Kambe has been a WGEP Sisters to School scholar for three years and is currently in her final year of high school in Sokone. She lives with one of her older sisters in Sokone so that she can attend high school there since her parents’ village where she grew up is too far from her school.

Kambe was surprised at what a huge difference the scholarship from WGEP has made in her life. Prior to receiving the scholarship, her family lived in very difficult conditions. They would go out into the fields after the millet harvest and collect whatever was left so they could sell it in the local market to have enough money to purchase school supplies. Kambe is the fourth of five children and only her and her youngest sister attend school. One of her older sisters went to Dakar to work as a domestic helper in order to make money to send home to her family. All of Kambe’s other siblings, except for the youngest, have married and dropped out of school.

Kambe’s mother is very supportive of her daughter’s education and herself takes adult literacy classes through Sisters to School in order to learn to read and support her daughter in school.

Kambe wants to continue her studies after she passes her final high school exam. Her favorite subjects are English and French. Her favorite activities include reading and helping to prepare tea for her family and guests. After years of toiling in the fields, Kambe would like to work in an office upon receiving her college degree.

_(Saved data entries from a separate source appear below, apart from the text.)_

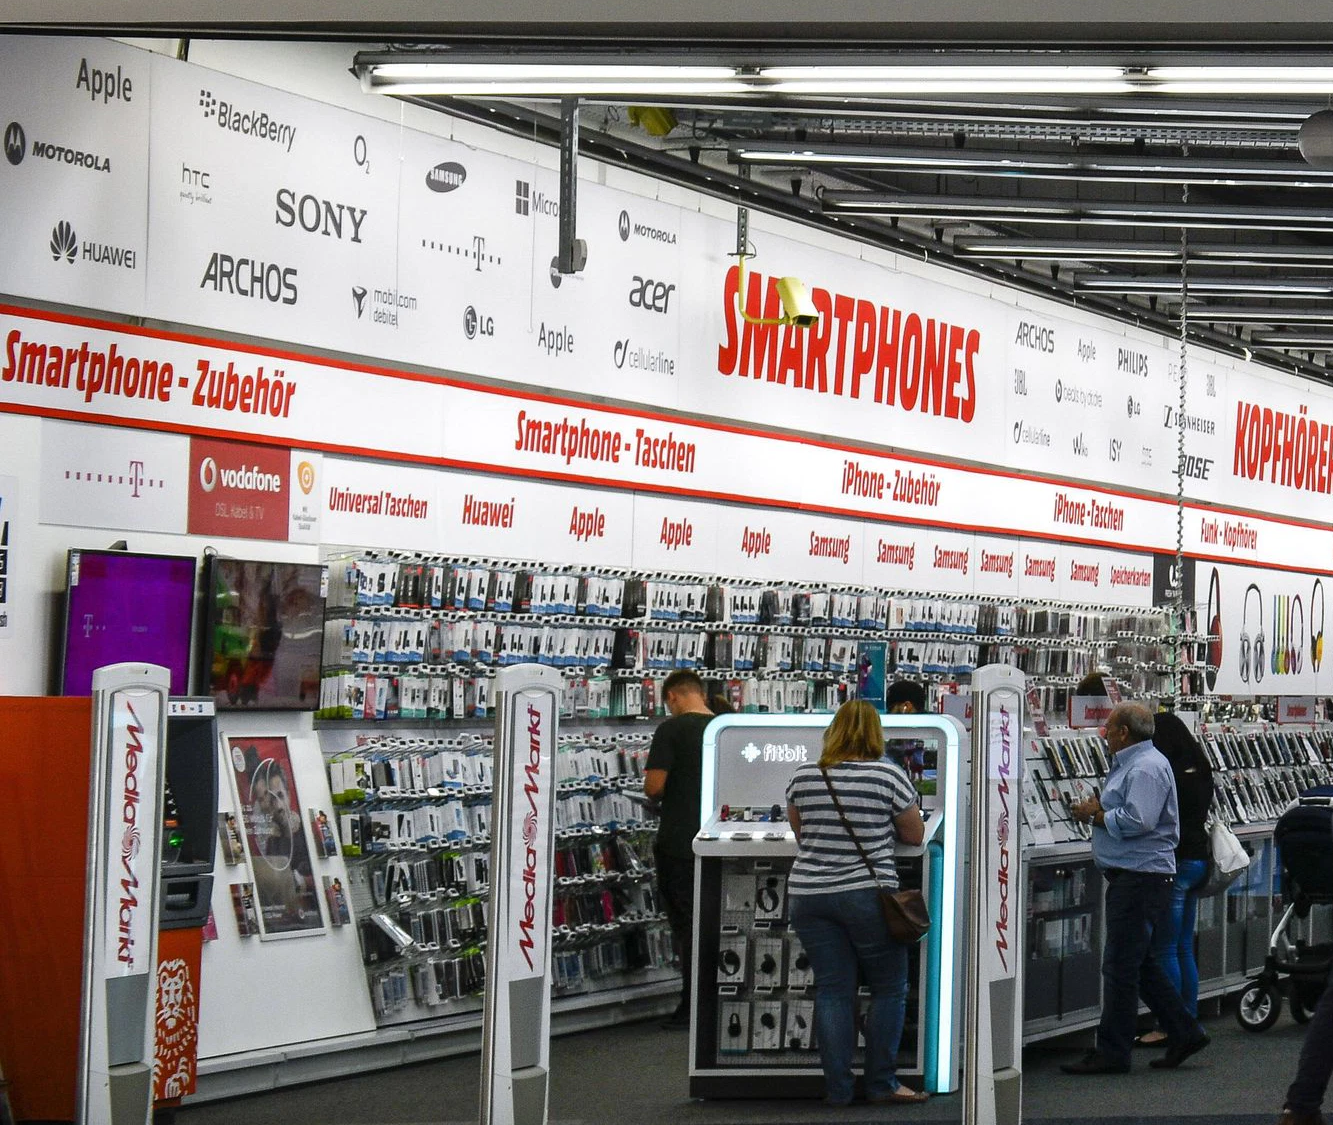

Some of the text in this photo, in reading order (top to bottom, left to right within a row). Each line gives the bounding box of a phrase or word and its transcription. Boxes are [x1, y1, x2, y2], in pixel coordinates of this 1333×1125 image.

[76, 58, 132, 103] Apple
[218, 102, 296, 152] BlackBerry
[32, 141, 111, 173] MOTOROLA
[430, 168, 463, 186] SAMSUNG
[275, 188, 366, 244] SONY
[634, 223, 677, 245] MOTOROLA
[82, 242, 136, 269] HUAWEI
[200, 253, 297, 305] ARCHOS
[629, 276, 675, 314] acer
[373, 310, 398, 327] debitel
[480, 315, 493, 336] LG
[538, 322, 573, 356] Apple
[1015, 322, 1054, 353] ARCHOS
[1078, 339, 1096, 362] Apple
[2, 329, 296, 417] Smartphone Zubehör
[1118, 348, 1148, 377] PHILIPS
[1015, 369, 1027, 397] JBL
[1174, 412, 1215, 435] SENHEISER
[515, 410, 696, 473] Smartphone Taschen
[1109, 439, 1122, 461] ISY
[221, 465, 280, 492] vodafone
[841, 459, 941, 507] iPhone Zubehör
[329, 487, 428, 519] Universal Taschen
[462, 494, 515, 528] Huawei
[1054, 491, 1085, 527] iPhone
[569, 506, 604, 541] Apple
[660, 517, 692, 550] Apple
[1201, 517, 1257, 552] Funk Kopfhörer
[741, 526, 771, 558] Apple
[809, 531, 850, 564] Samsung
[877, 539, 915, 570] Samsung
[934, 545, 968, 575] Samsung
[981, 549, 1013, 578] Samsung
[1025, 555, 1055, 582] Samsung
[1071, 560, 1099, 587] Samsung
[1110, 565, 1150, 589] Speicherkarten
[763, 742, 807, 763] fitbit
[116, 700, 145, 970] Media Markt
[517, 704, 544, 973] Media Markt
[996, 848, 1011, 973] Media

Fana, back left, with classmates
Fana, back left, with classmates

Your support has impacted the lives of hundreds of girls and their communities in rural Senegal. Thanks to people like you, Fana has been given the chance to finally attend school and has encouraged other girls in her community to go to school too! She recognizes the importance of educating girls and has used the skills she’s learned from the program to help others. Here is her story:

“My name is Fana and I am 19 years old; I am a scholar in high school in Sokone in the “Sisters to School” program. Education is often considered the fastest method for changing conditions for girls and their families, and is also the best way to fight poverty.

My village didn’t have a school when I began my studies. The closest school was 2 kilometers away in Sokone. My parents didn’t have the means necessary to pay for my studies. It was very difficult but I was getting by.

When I passed 6th grade, I started middle school in Sokone; things became more complicated when I was housed with a family where the father didn’t want anyone to light the lamps in the bedrooms to do schoolwork at night. This made me a little crazy because I loved my studies and I wanted to be among the best in my class. Luckily, Madame Adji’s (Senegal Project Director) daughter was in my class and explained the problem to her mom. Madame Adji invited me to her house in the evenings so that I was able to study until 10pm. At the end of the year, one of our teachers began housing me. This is where I live during the school year, even today. I live in better conditions.

I became a scholar in high school in 2013. I regularly received enrollment expenses, school supplies, toiletries, training, and advising. I took summer classes in 2013 to prepare for the 2014 final exam. In sum, the program has allowed me to improve my academic performance, and I won the Prize of Excellence in French at high school in Sokone.

My parents support education for girls, but do not have the means necessary to support my sisters. My village has a school now, and I support the girls in my village, encouraging them in their studies and educating them based on the training I’ve received through the program. We also educate parents, especially the mothers of girls. The whole village likes the school, and all the children go there.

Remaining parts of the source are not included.